INPUT FOR THIS TASK Start Marker
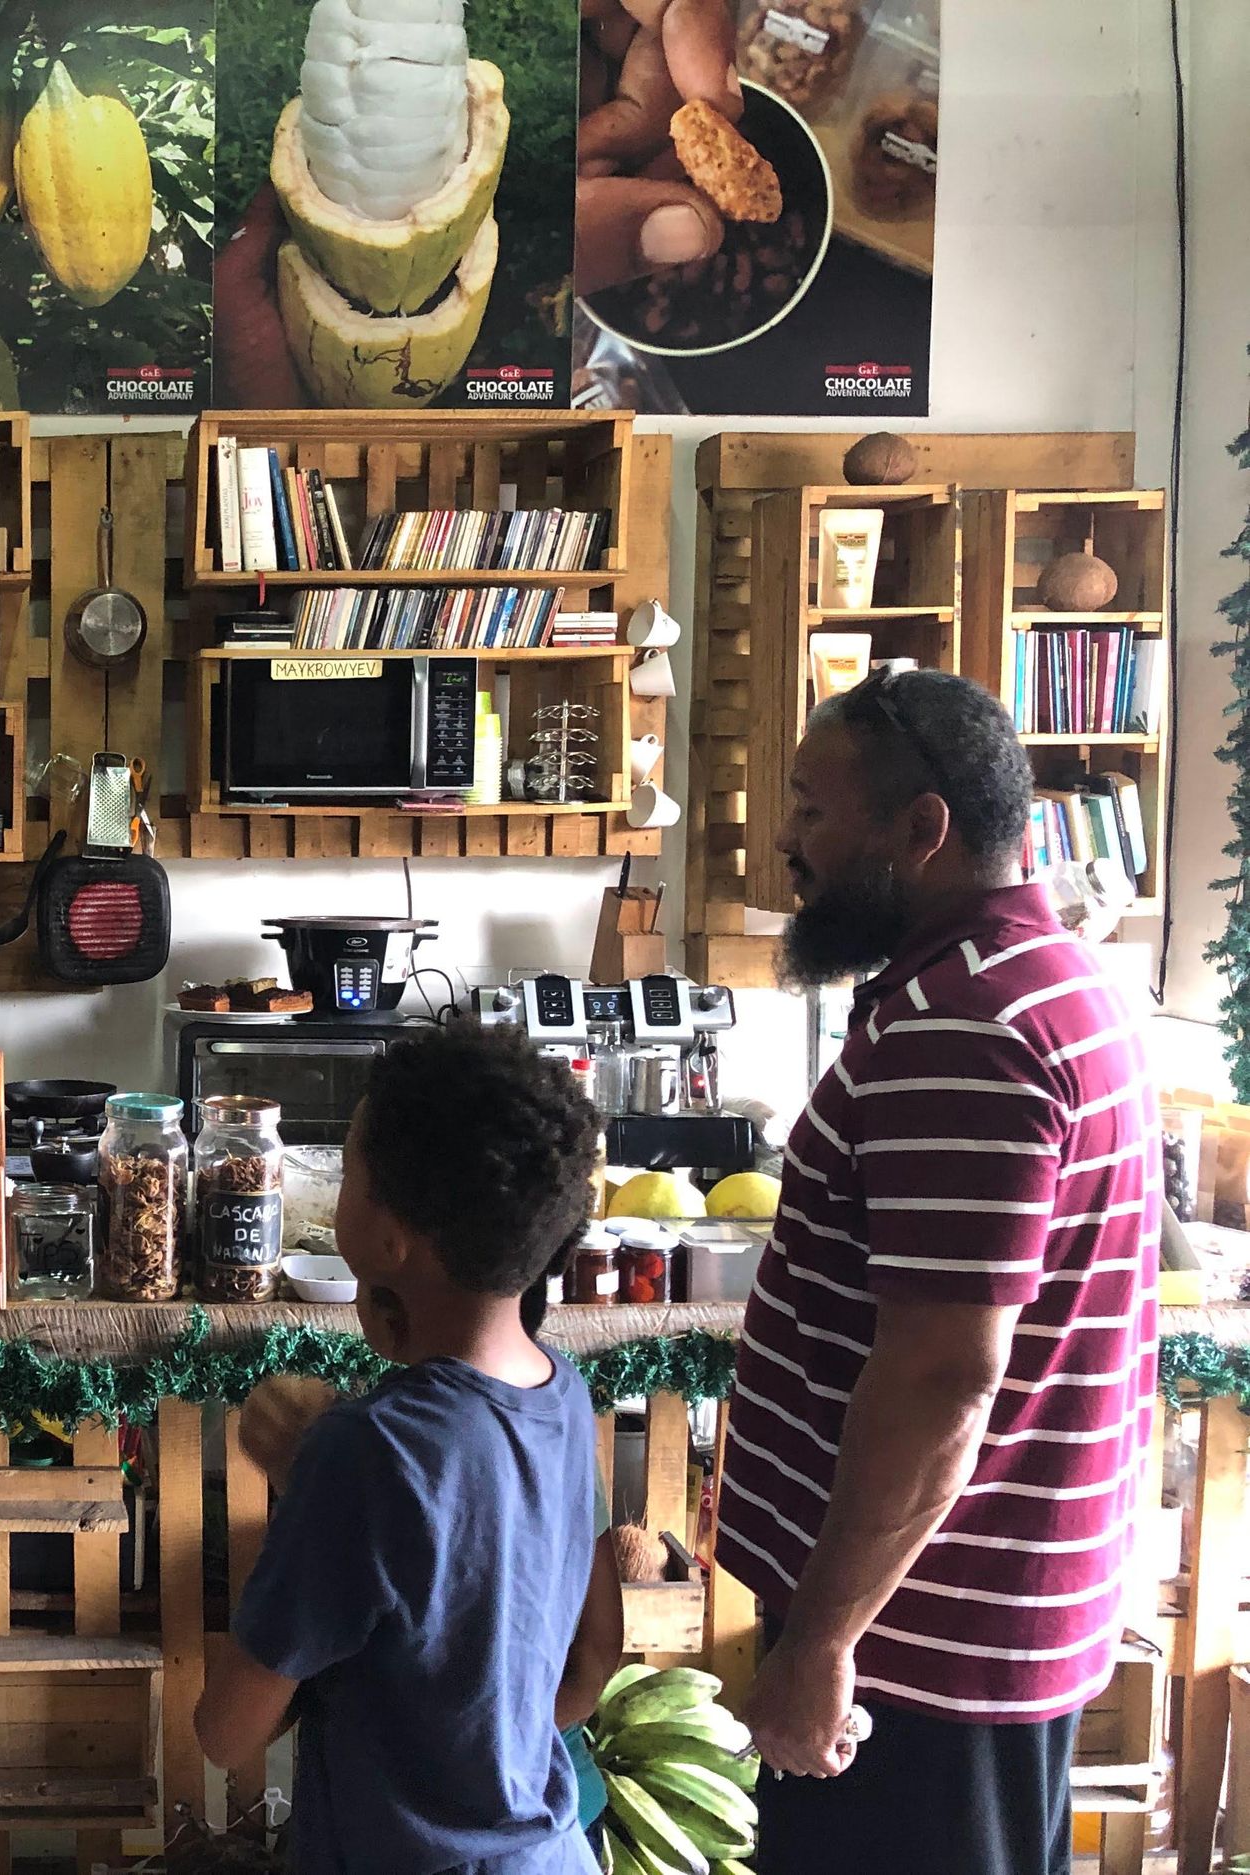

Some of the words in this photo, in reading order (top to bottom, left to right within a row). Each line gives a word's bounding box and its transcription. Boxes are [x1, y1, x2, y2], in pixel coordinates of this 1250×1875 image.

[140, 368, 161, 377] G&E
[499, 368, 521, 377] G&E
[858, 366, 879, 375] G&E
[106, 381, 194, 393] CHOCOLATE
[466, 381, 554, 393] CHOCOLATE
[825, 378, 912, 390] CHOCOLATE
[107, 392, 153, 400] ADVENTURE
[155, 392, 193, 400] COMPANY
[467, 392, 513, 400] ADVENTURE
[515, 392, 553, 400] COMPANY
[826, 389, 871, 397] ADVENTURE
[873, 389, 911, 397] COMPANY
[275, 662, 377, 678] MAYKROWYEV
[234, 1228, 261, 1243] DE
INPUT FOR THIS TASK End Marker
WORK REQUIRED - Only the records, copied exactly and without pictures, should make up the answer.

ANSWER TO THE PROBLEM -
Some of the words in this photo, in reading order (top to bottom, left to right within a row). Each line gives a word's bounding box and its transcription. Boxes are [x1, y1, x2, y2], in pixel coordinates of this 1250×1875 image.

[140, 368, 161, 377] G&E
[499, 368, 521, 377] G&E
[858, 366, 879, 375] G&E
[106, 381, 194, 393] CHOCOLATE
[466, 381, 554, 393] CHOCOLATE
[825, 378, 912, 390] CHOCOLATE
[107, 392, 153, 400] ADVENTURE
[155, 392, 193, 400] COMPANY
[467, 392, 513, 400] ADVENTURE
[515, 392, 553, 400] COMPANY
[826, 389, 871, 397] ADVENTURE
[873, 389, 911, 397] COMPANY
[275, 662, 377, 678] MAYKROWYEV
[234, 1228, 261, 1243] DE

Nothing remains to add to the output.